Howard Marks said it well when he said that, rather than worrying about stock price volatility, “the possibility of permanent loss is the risk I worry about…and that every practical investor that I know is worried”. When we think of a company’s risk, we always like to look at its use of debt, because over-indebtedness can lead to ruin. Above all, Matrix IT Ltd. (TLV:MTRX) is in debt. But does this debt worry shareholders?
When is debt a problem?
Generally speaking, debt only becomes a real problem when a company cannot easily repay it, either by raising capital or with its own cash flow. In the worst case, a company can go bankrupt if it cannot pay its creditors. However, a more common (but still costly) situation is when a company has to dilute shareholders at a cheap share price just to keep debt under control. Of course, debt can be an important tool in businesses, especially capital-intensive businesses. The first step when considering a company’s debt levels is to consider its cash and debt together.
See our latest analysis for Matrix IT
What is Matrix IT’s debt?
You can click on the chart below for historical numbers, but it shows that as of September 2021, Matrix IT had ₪1.02 billion in debt, an increase of ₪950.6 million, year on year. However, since he has a cash reserve of ₪542.3 million, his net debt is lower at around ₪475.4 million.
How healthy is Matrix IT’s balance sheet?
According to the latest published balance sheet, Matrix IT had liabilities of ₪1.75 billion due within 12 months and liabilities of ₪656.1 million due beyond 12 months. On the other hand, it had a cash position of ₪542.3 million and ₪1.41 billion in receivables within one year. It therefore has liabilities totaling $458.2 million more than its cash and short-term receivables, combined.
Given that Matrix IT has a market cap of €5.54 billion, it’s hard to believe that these liabilities pose a threat.

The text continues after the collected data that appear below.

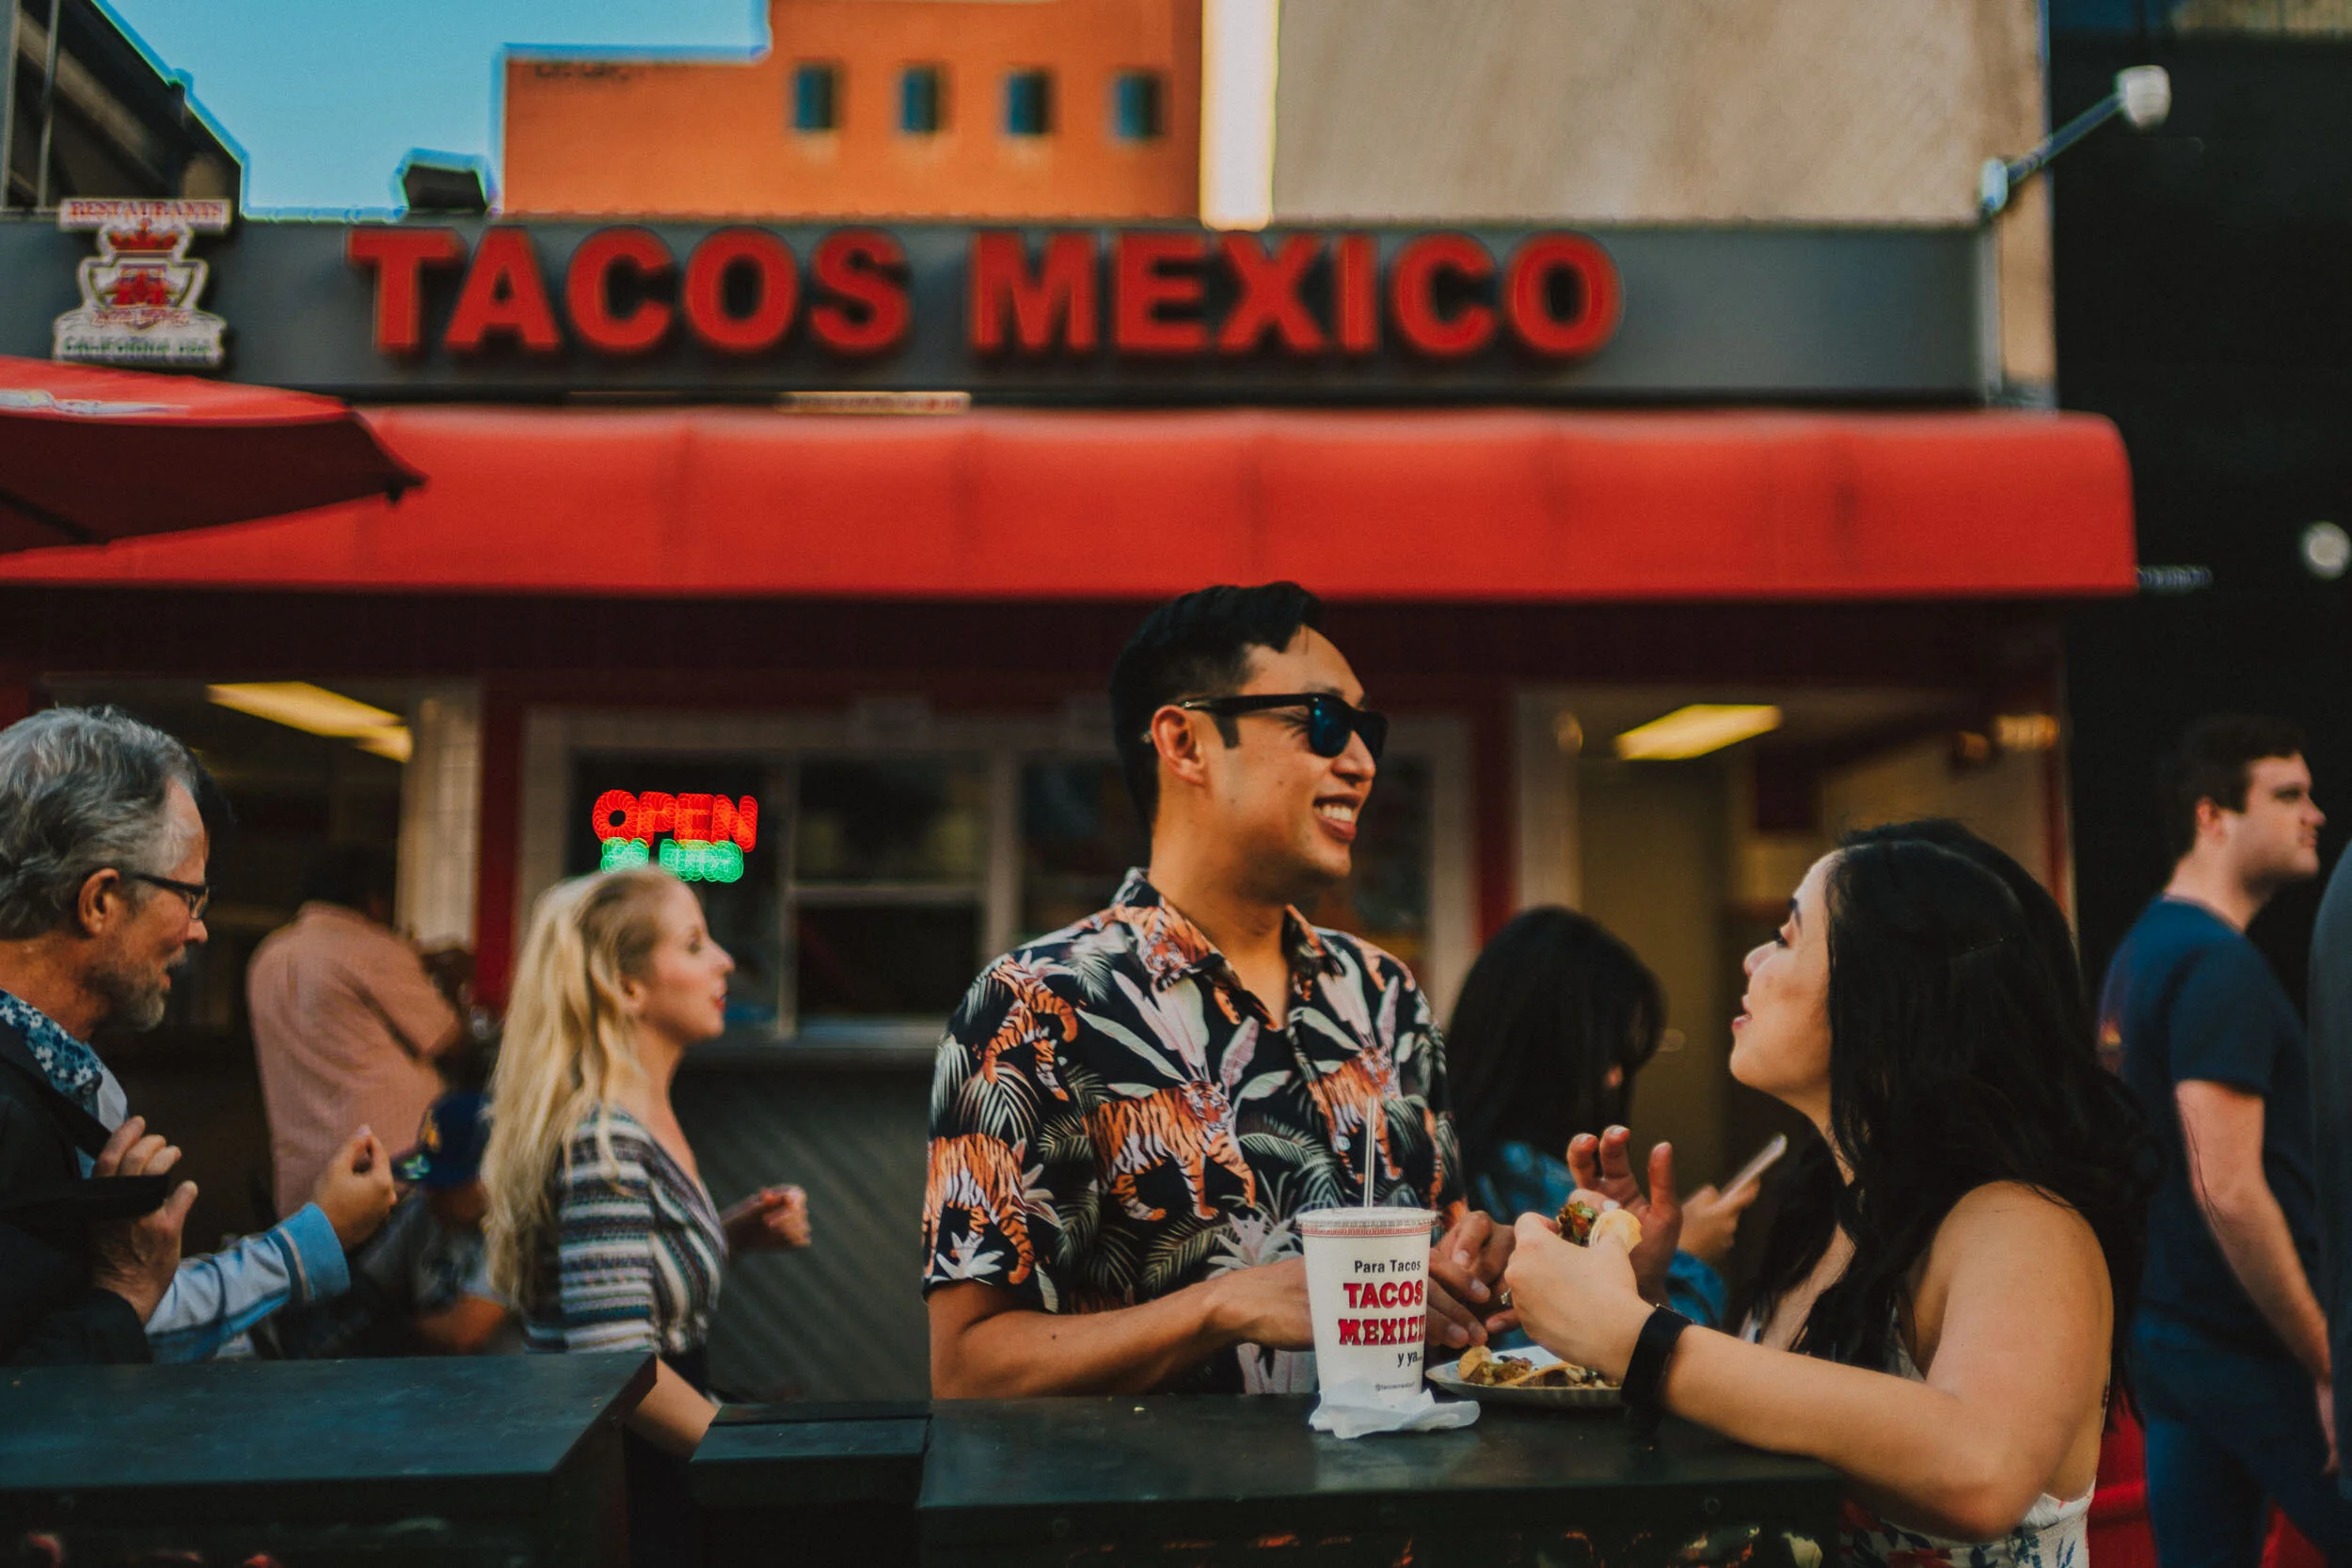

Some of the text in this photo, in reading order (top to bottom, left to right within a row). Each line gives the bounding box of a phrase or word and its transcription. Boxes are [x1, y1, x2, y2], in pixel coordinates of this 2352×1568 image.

[346, 227, 1622, 356] TACOS MEXICO
[593, 789, 758, 852] OPEN
[1355, 1259, 1421, 1274] Para Tacos
[1343, 1279, 1423, 1309] TACOS
[1397, 1352, 1405, 1369] y

But there are enough liabilities that we certainly recommend that shareholders continue to monitor the balance sheet in the future.
We use two main ratios to inform us about debt to earnings levels. The first is net debt divided by earnings before interest, taxes, depreciation and amortization (EBITDA), while the second is how often its earnings before interest and taxes (EBIT) covers its interest expense (or its interests, for short). In this way, we consider both the absolute amount of debt, as well as the interest rates paid on it.

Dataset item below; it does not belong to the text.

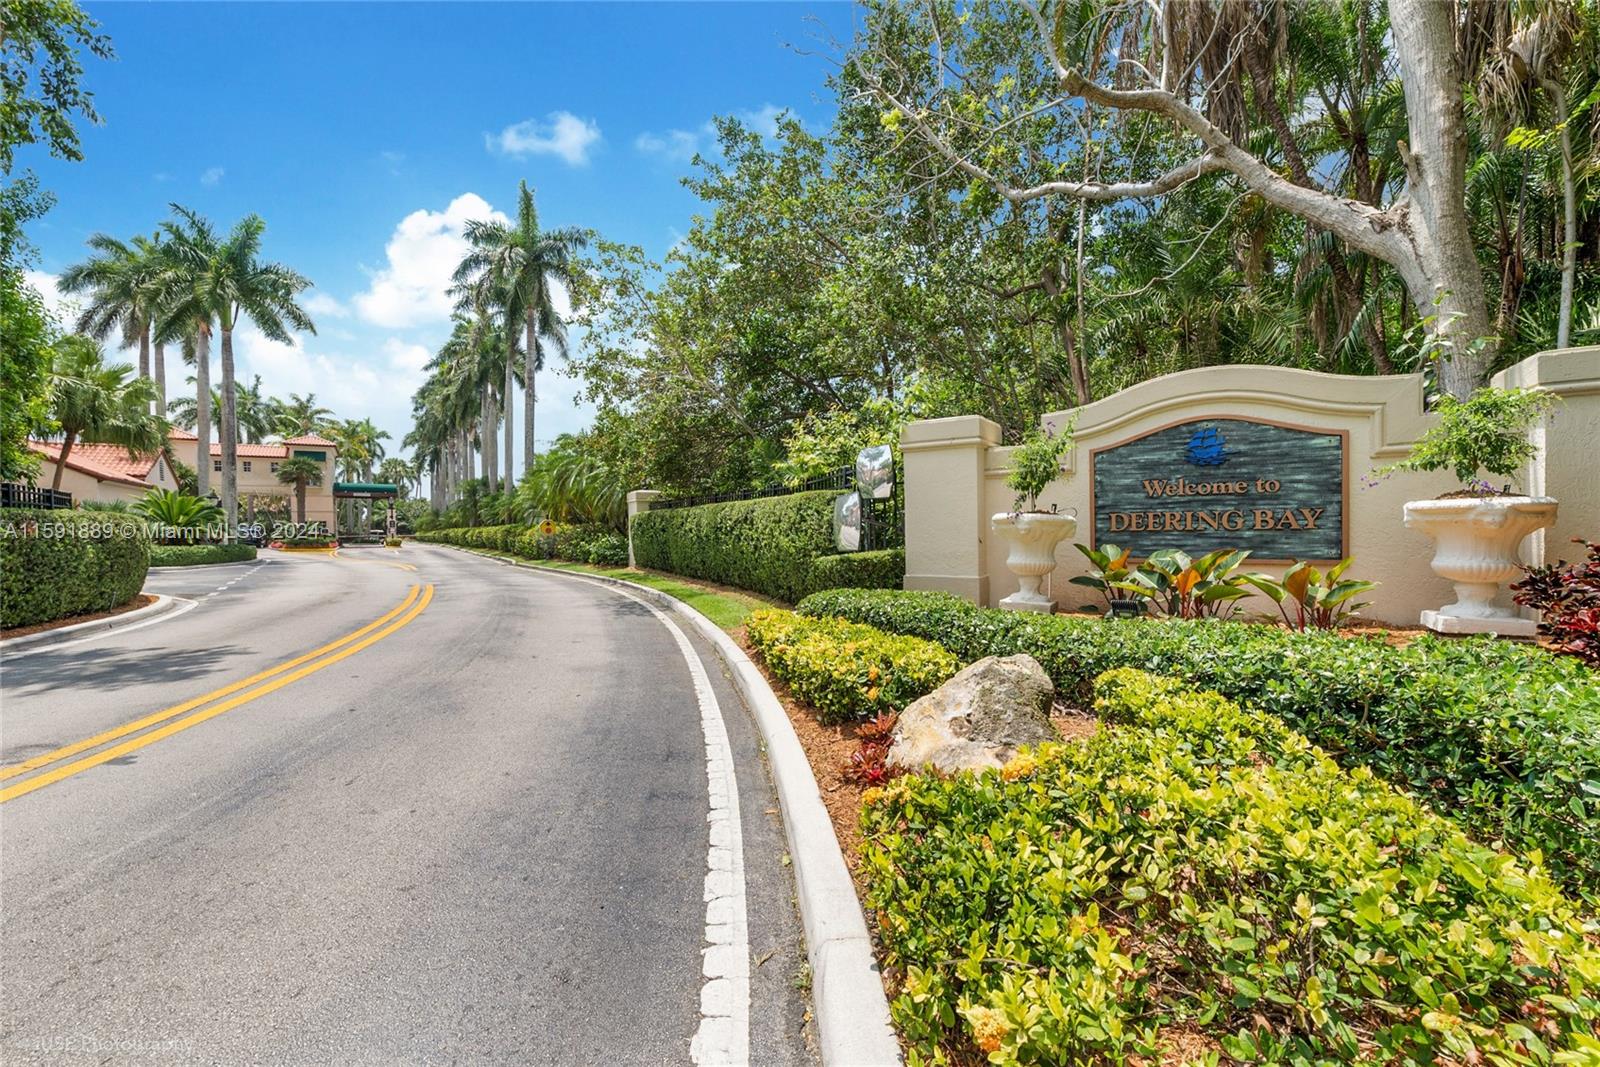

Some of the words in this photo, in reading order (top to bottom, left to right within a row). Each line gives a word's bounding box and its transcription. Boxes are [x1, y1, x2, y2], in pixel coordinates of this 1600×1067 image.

[1142, 477, 1248, 497] Welcome
[1256, 478, 1281, 494] to
[1109, 510, 1245, 532] DEERING
[1253, 507, 1324, 531] BAY

Matrix IT’s net debt is only 1.3 times its EBITDA. And its EBIT covers its interest charges 12.1 times. So we’re pretty relaxed about his super-conservative use of debt. And we also warmly note that Matrix IT increased its EBIT by 17% last year, making its leverage more manageable. The balance sheet is clearly the area to focus on when analyzing debt. But you can’t look at debt in total isolation; as Matrix IT will need revenue to repay this debt. So, if you want to know more about its earnings, it may be worth checking out this graph of its long-term trend.
Finally, while the taxman may love accounting profits, lenders only accept cash. We therefore always check how much of this EBIT is converted into free cash flow. Over the past three years, Matrix IT has generated free cash flow of 97% of its EBIT, more than expected. This positions him well to pay off debt if desired.
Our point of view
Fortunately, Matrix IT’s impressive interest coverage means it has the upper hand on its debt. And the good news does not stop there, since its conversion of EBIT into free cash flow also confirms this impression! Zooming out, Matrix IT seems to be using debt quite sensibly; and that gets the green light from us. After all, reasonable leverage can increase return on equity. The balance sheet is clearly the area to focus on when analyzing debt. However, not all investment risks reside on the balance sheet, far from it. For example, we found 2 warning signs for Matrix IT which you should be aware of before investing here.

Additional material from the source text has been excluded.